▶ _Input material_
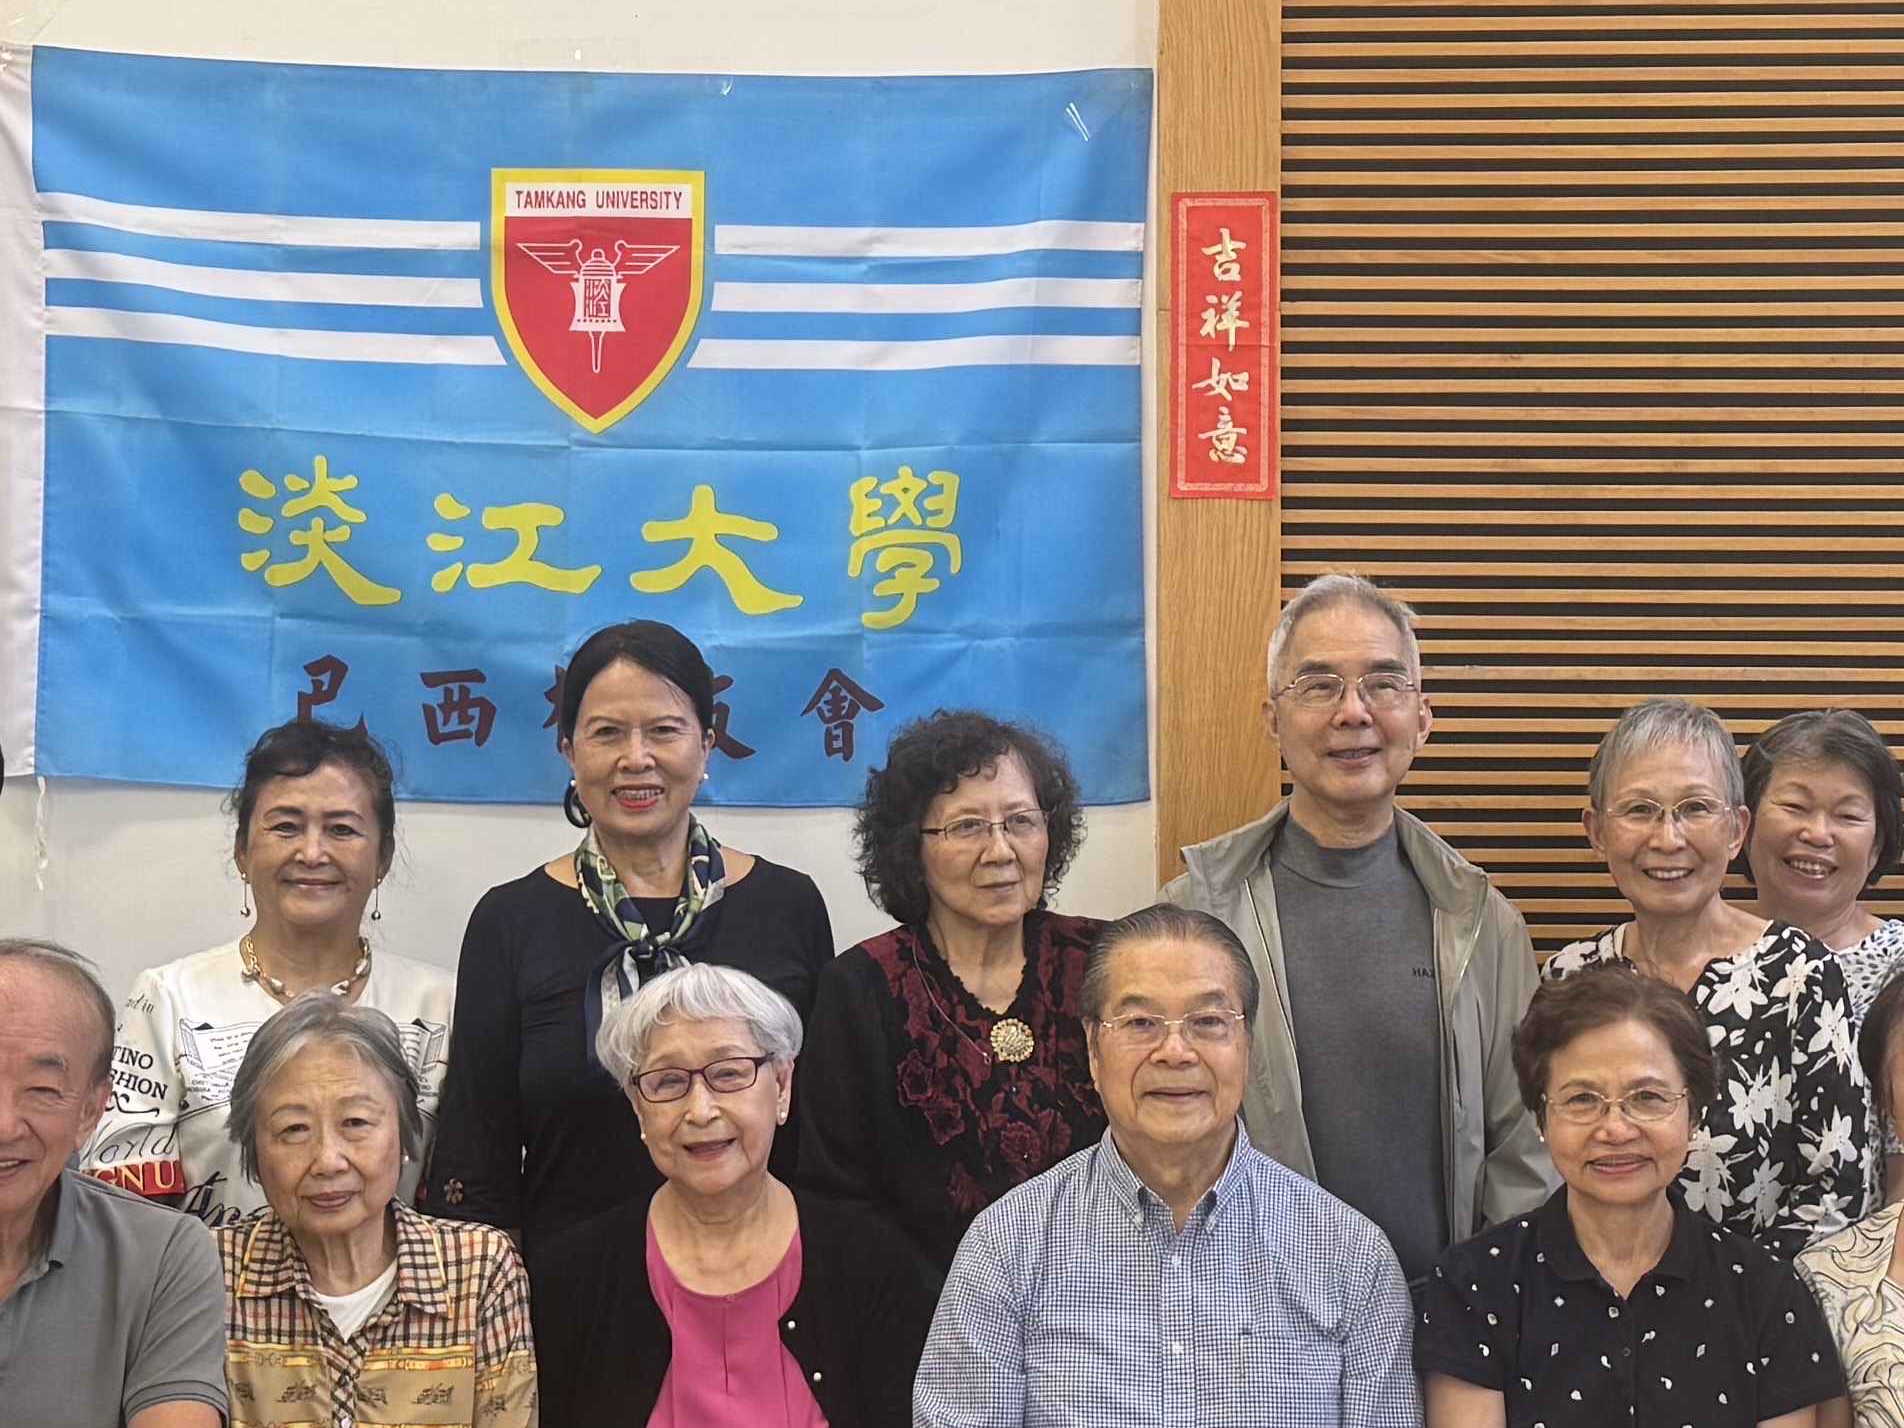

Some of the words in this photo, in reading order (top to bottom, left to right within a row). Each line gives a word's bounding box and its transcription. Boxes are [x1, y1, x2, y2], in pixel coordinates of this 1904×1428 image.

[515, 189, 587, 209] TAMKANG
[595, 189, 684, 211] UNIVERSITY
[1191, 227, 1250, 465] 吉祥如意
[238, 454, 963, 630] 淡江大學
[296, 654, 885, 762] 巴西會
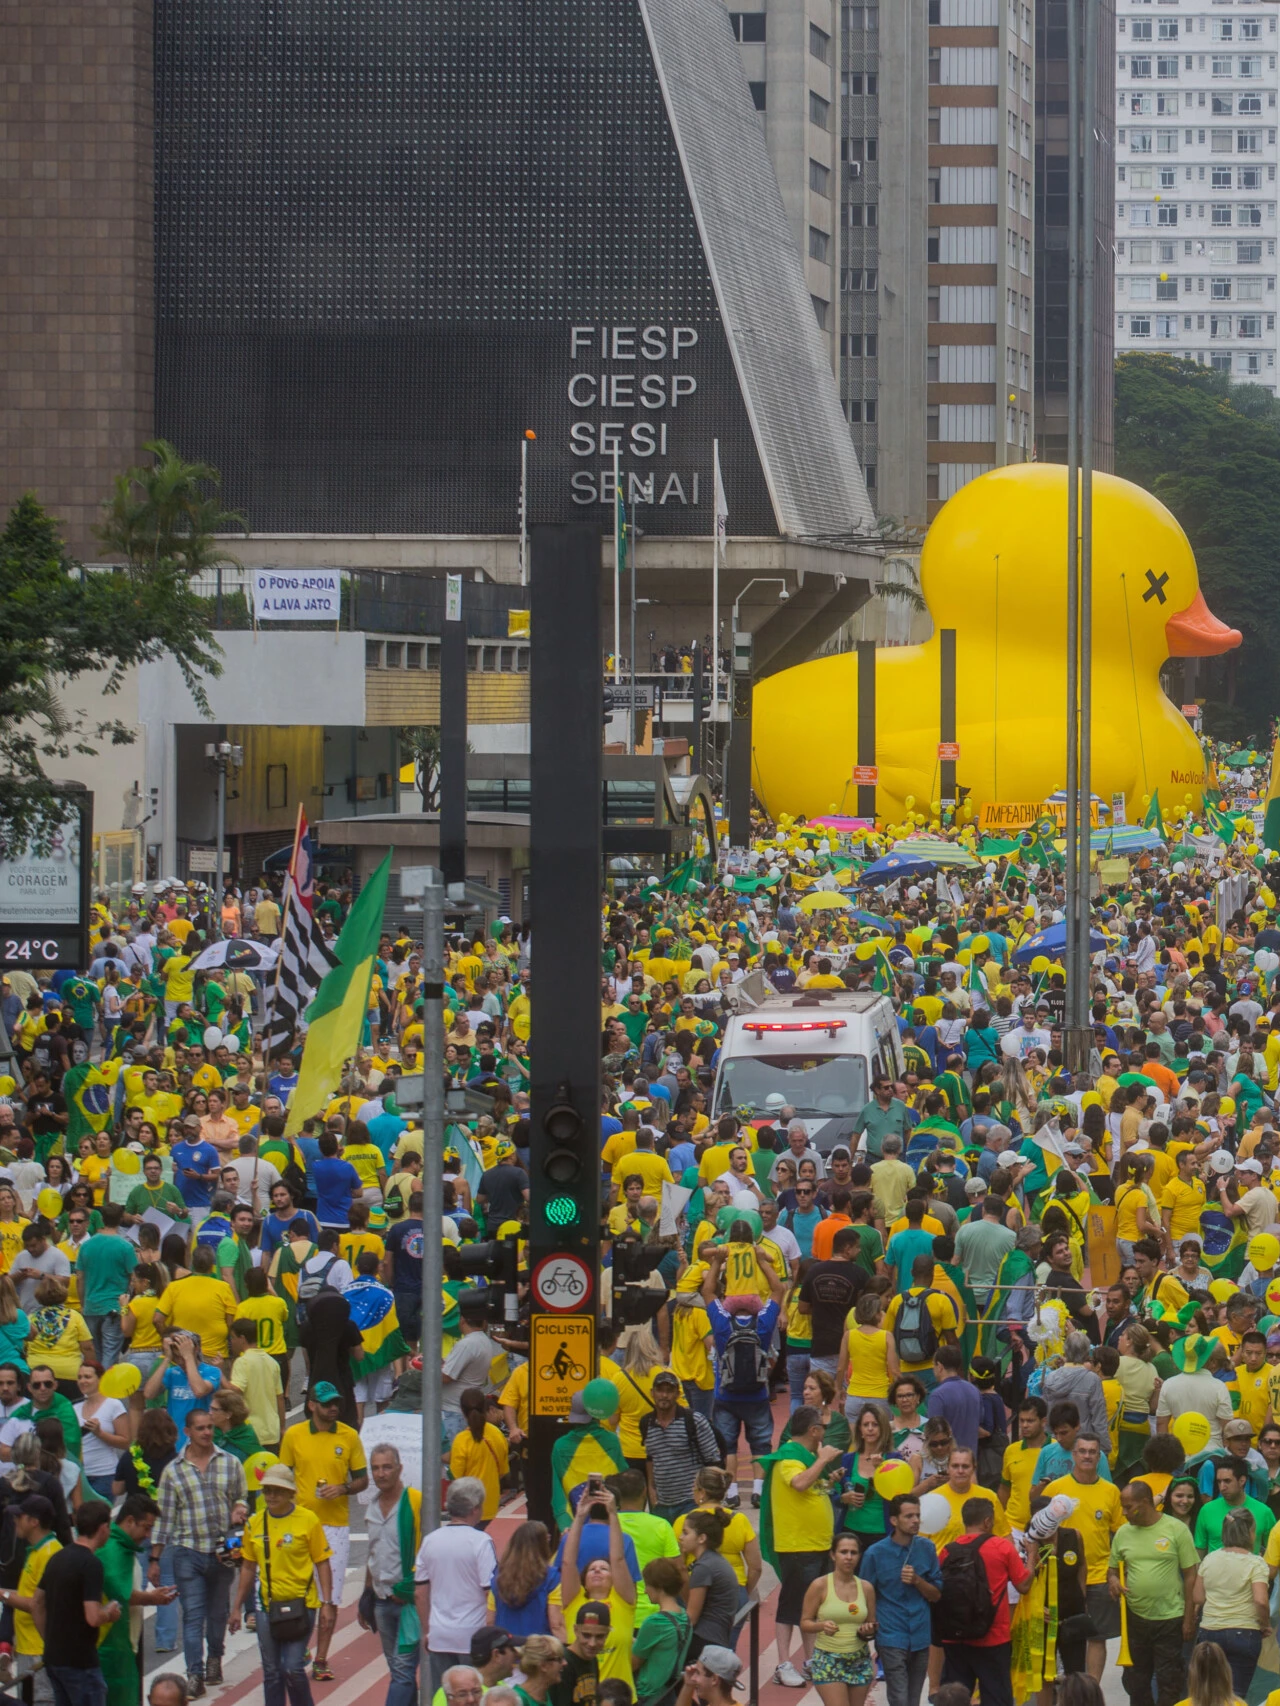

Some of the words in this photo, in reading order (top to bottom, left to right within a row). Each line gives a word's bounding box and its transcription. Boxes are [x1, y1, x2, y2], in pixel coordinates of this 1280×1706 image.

[571, 325, 698, 360] FIESP
[567, 373, 697, 409] CIESP
[569, 422, 666, 456] SESI
[571, 471, 699, 504] SENAI
[259, 578, 266, 589] O
[270, 578, 299, 589] POVO
[302, 577, 335, 589] APOIA
[263, 599, 270, 610] A
[274, 599, 301, 610] LAVA
[304, 599, 331, 610] JATO
[8, 874, 68, 887] CORAGEM
[4, 939, 59, 961] 24°C
[733, 1251, 753, 1281] 10
[536, 1324, 590, 1335] CICLISTA
[556, 1386, 568, 1394] SÓ

▶ _What to work on_
Transcribe each entry above character for character, omitting pictures.

▶ _Response to the task_
Some of the words in this photo, in reading order (top to bottom, left to right within a row). Each line gives a word's bounding box and its transcription. Boxes are [x1, y1, x2, y2], in pixel coordinates of this 1904×1428 image.

[515, 189, 587, 209] TAMKANG
[595, 189, 684, 211] UNIVERSITY
[1191, 227, 1250, 465] 吉祥如意
[238, 454, 963, 630] 淡江大學
[296, 654, 885, 762] 巴西會

Some of the words in this photo, in reading order (top to bottom, left to right within a row). Each line gives a word's bounding box and its transcription. Boxes are [x1, y1, x2, y2], in pixel coordinates of this 1280×1706 image.

[571, 325, 698, 360] FIESP
[567, 373, 697, 409] CIESP
[569, 422, 666, 456] SESI
[571, 471, 699, 504] SENAI
[259, 578, 266, 589] O
[270, 578, 299, 589] POVO
[302, 577, 335, 589] APOIA
[263, 599, 270, 610] A
[274, 599, 301, 610] LAVA
[304, 599, 331, 610] JATO
[8, 874, 68, 887] CORAGEM
[4, 939, 59, 961] 24°C
[733, 1251, 753, 1281] 10
[536, 1324, 590, 1335] CICLISTA
[556, 1386, 568, 1394] SÓ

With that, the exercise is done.